Europe agrees compromise gas curbs as Russia squeezes supply — Reuters Anca’s take: Time to save some gas! The main question is whether these voluntary measures—filled with exemptions—will work.
Carbon Pricing, Clean Electricity Standards, and Clean Electricity Subsidies on the Path to Zero Emissions — NBER Amy’s take: Wow, a significant finding that suggests carbon pricing might not be the panacea it has been portrayed as for the power sector—and that other policies could do just as well (if not better).
Scholz Opens Door for Extending Nuclear Power in Germany — Bloomberg (paywall) Anca’s take: This would have been unimaginable just weeks ago. It underscores how dire the energy crisis is in Germany, pushing the country toward uncomfortable—but reasonable—directions.
ESG should be boiled down to one simple measure: emissions — The Economist (paywall) Amy’s take: Lumping environmental, social and governance all in one score never really made sense. At the same time, social and governance concerns (i.e., Tesla lawsuits, etc.) shouldn’t go out the window, but it shouldn’t be pitted against environmental leadership.
Green Hydrogen Is Cheaper Than LNG in Europe — The Wall Street Journal (paywall) Anca’s take: Every crisis is an opportunity. Persistent skyrocketing natural gas prices are causing a lot of damage in the world market right now, but they can also give this nascent technology an unexpected push forward.
Europe is overheating. This climate-friendly AC could help. — The Washington Post Amy’s take: Retrofitting existing buildings is also way more expensive than new builds, an important point not mentioned—but mentioned in our main article today!
Can green hydrogen save a coal town and slow climate change? — AP News Amy’s take: This includes a lot of good nuggets on this particular project, though the story doesn’t answer the headline’s question (which even if rhetorical is also lazy!)
The audacious PR plot that seeded doubt about climate change — BBC News Anca’s take: An eye-opening and frustrating account about the role fossil fuel companies, public relations firms—and media—played in telling the world climate change is not a problem.

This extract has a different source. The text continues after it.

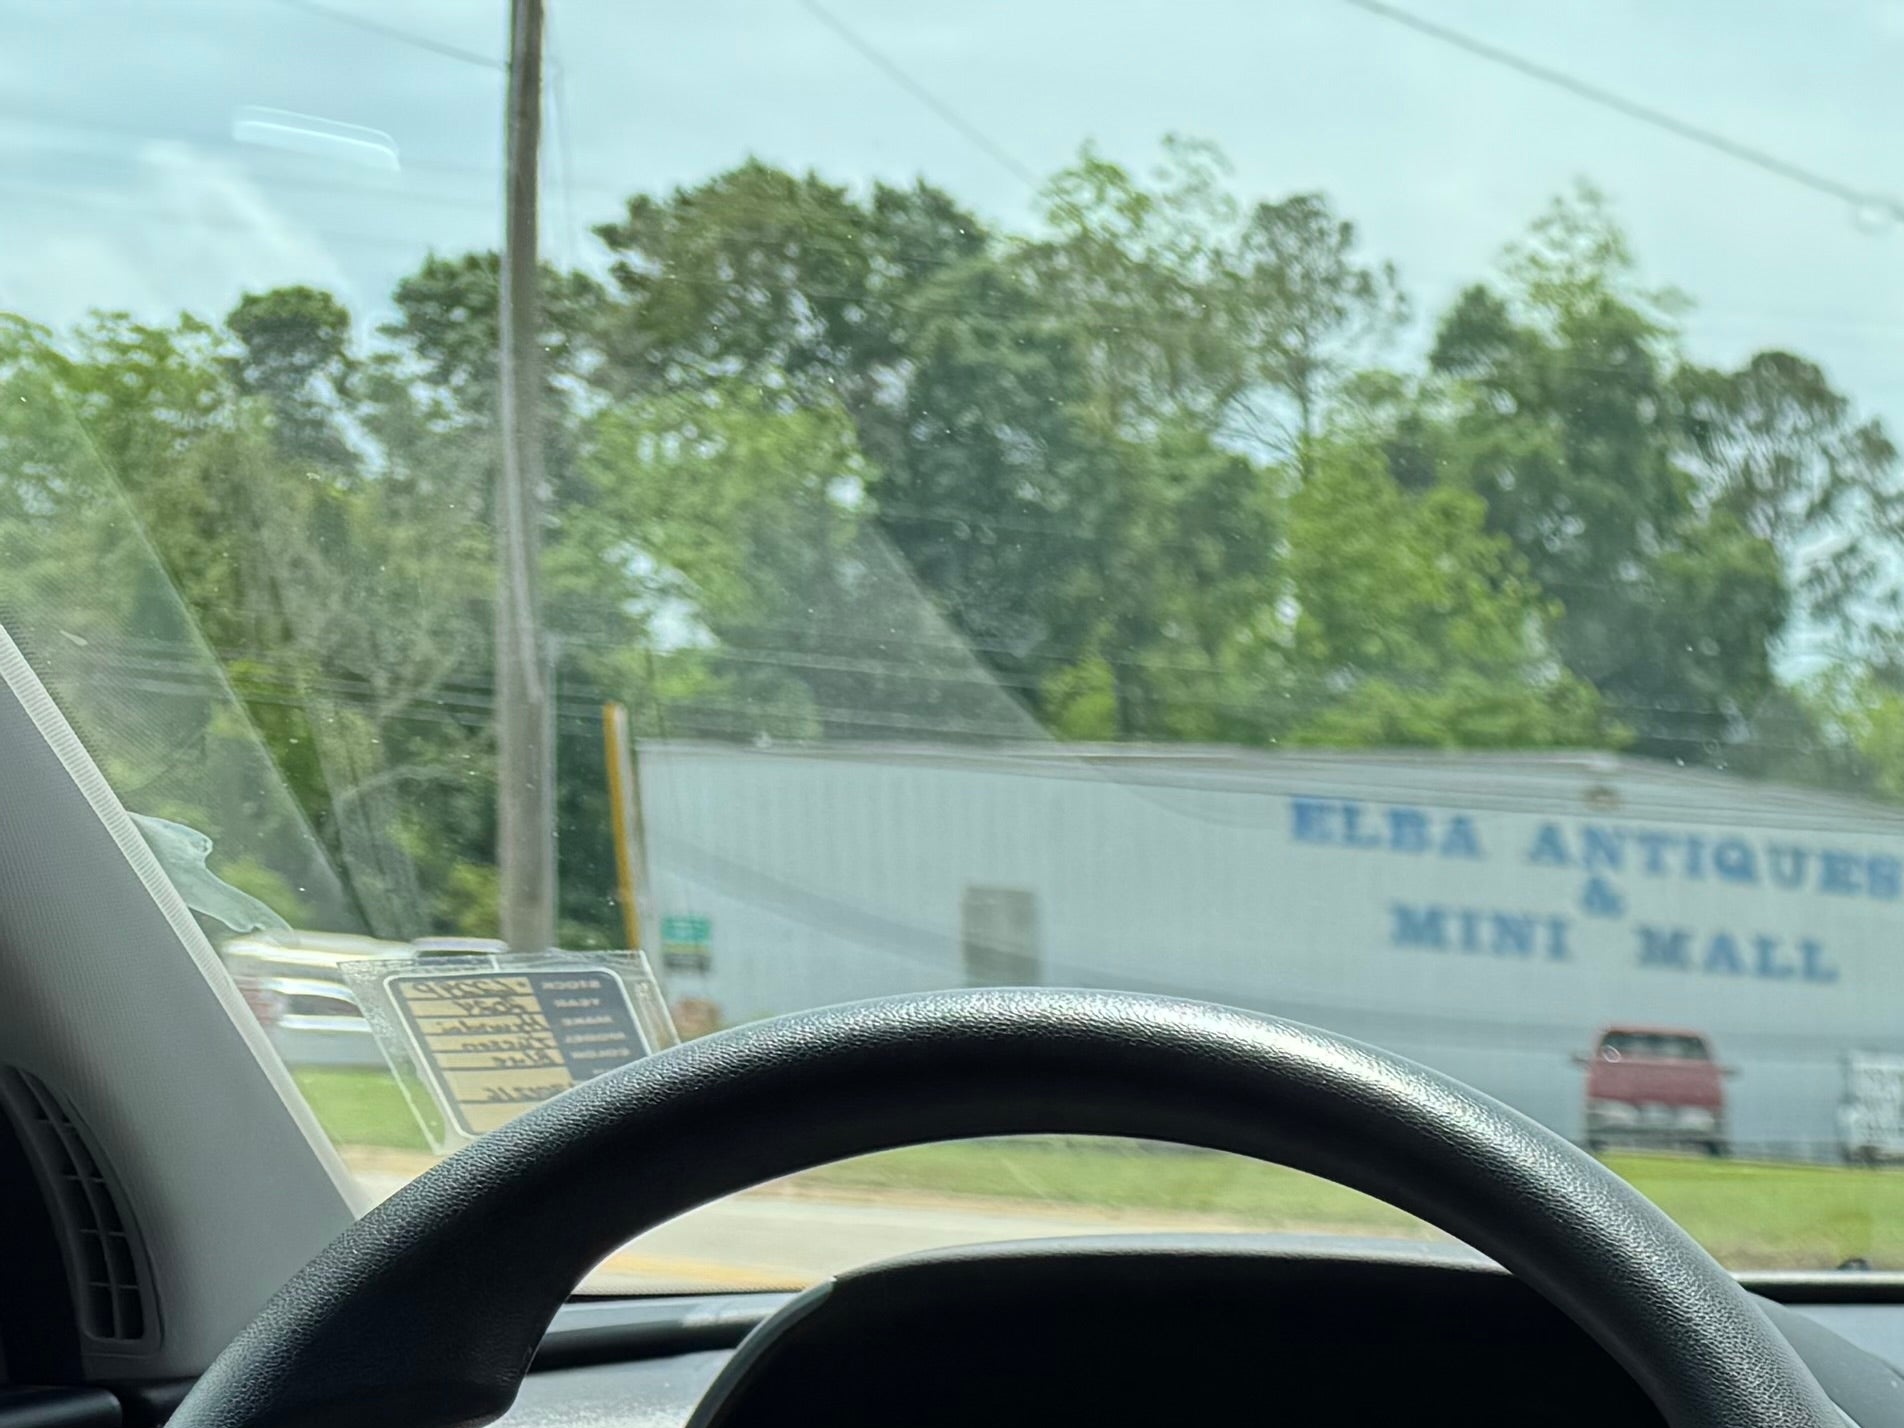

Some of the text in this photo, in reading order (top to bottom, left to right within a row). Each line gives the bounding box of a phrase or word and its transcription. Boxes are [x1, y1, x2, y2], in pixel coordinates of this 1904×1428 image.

[1290, 796, 1484, 857] ELBA
[1580, 877, 1624, 914] &
[1390, 905, 1840, 982] MINI MALL
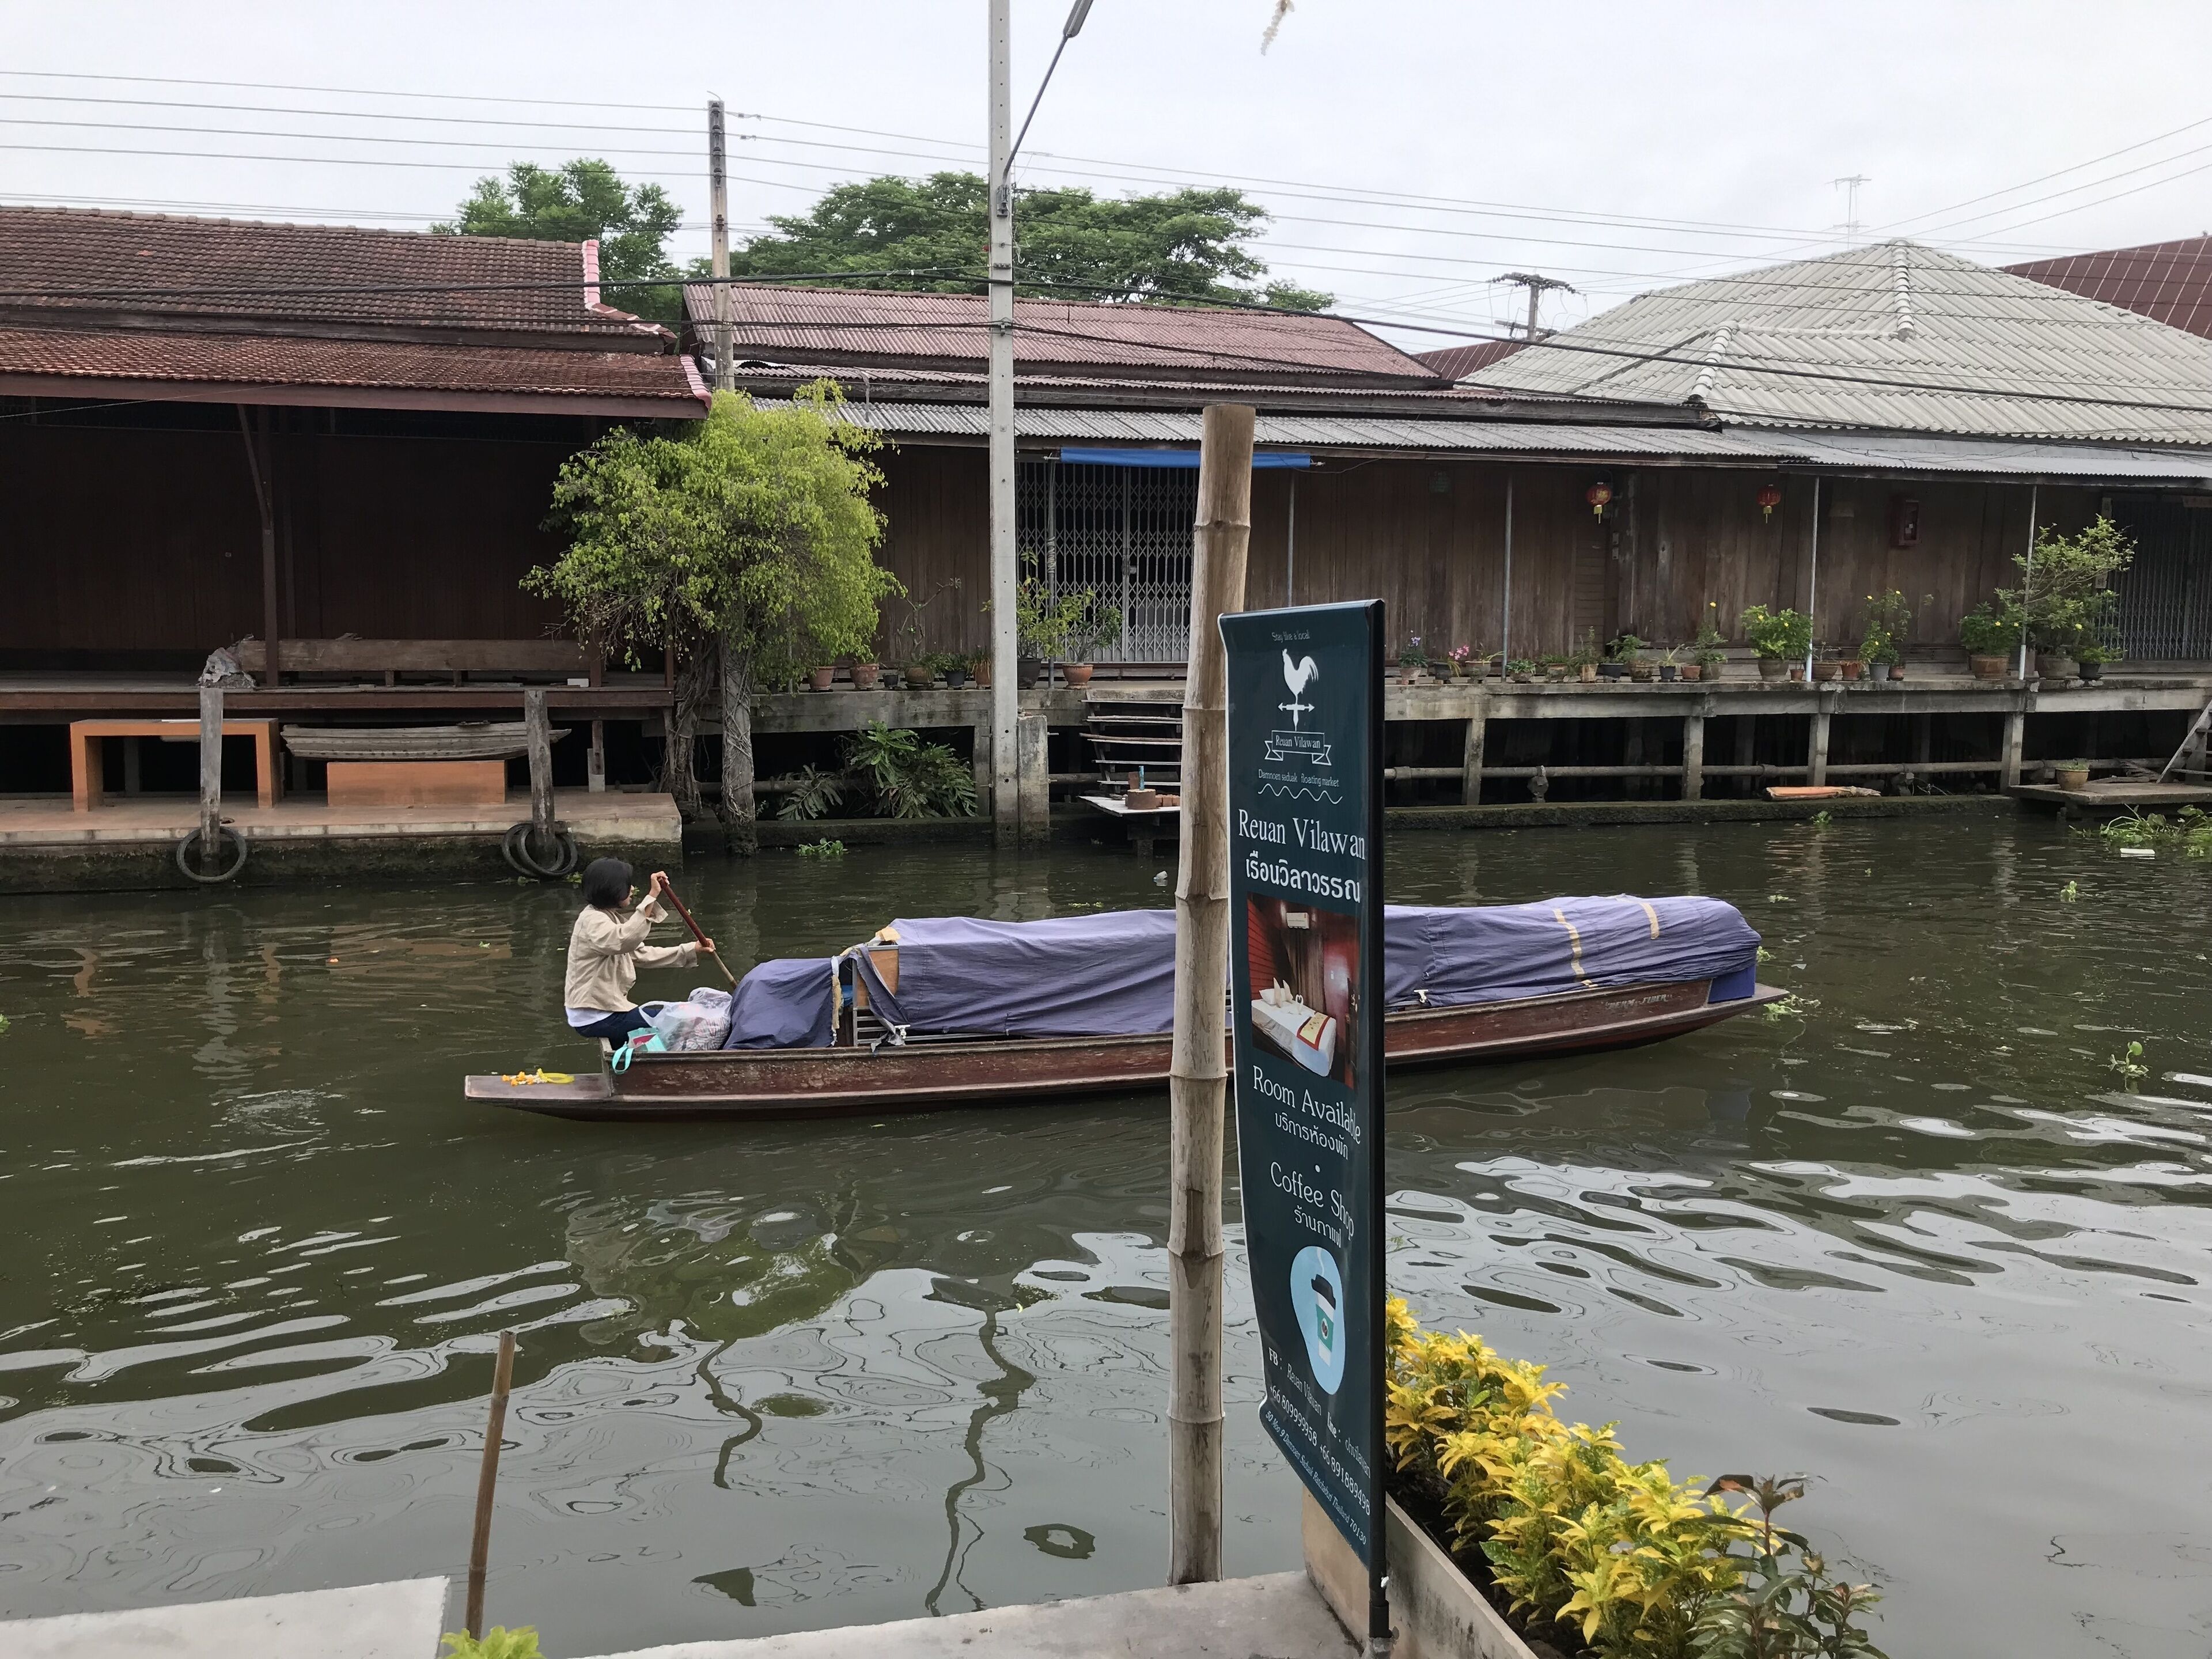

The messaging was so persuasive that it led to lost decades of inaction.
Monolith’s mighty ambitions — Climate Tech VC Amy’s take: A clear interview on one important startup’s journey, with details putting together the right capital stack.
More of what we’re reading:
U.S. clean energy installations down 55% on climate bill fail, trade issues- report — Reuters
Australia sets sights on clean energy jobs created by 'climate emergency' — Reuters
Redwood Materials Plans $3.5 Billion Battery-Materials Plant in Nevada – The Wall Street Journal
Shell boss van Beurden: ‘Supply needs to adjust but to less demand’ — Financial Times (paywall)
Big Oil’s Influx of Cash Opens Door to Clean-Energy Deals — Bloomberg (paywall)
Got questions about EV ownership? These GM tutors have answers — Axios
AND FINALLY...
A good kind of solar hike
Anca snapped this photo while in Canada, during a recent (scorching hot) hike in Gatineau Park, Quebec, not far from Ottawa. The solar panel powers the day shelter next to it.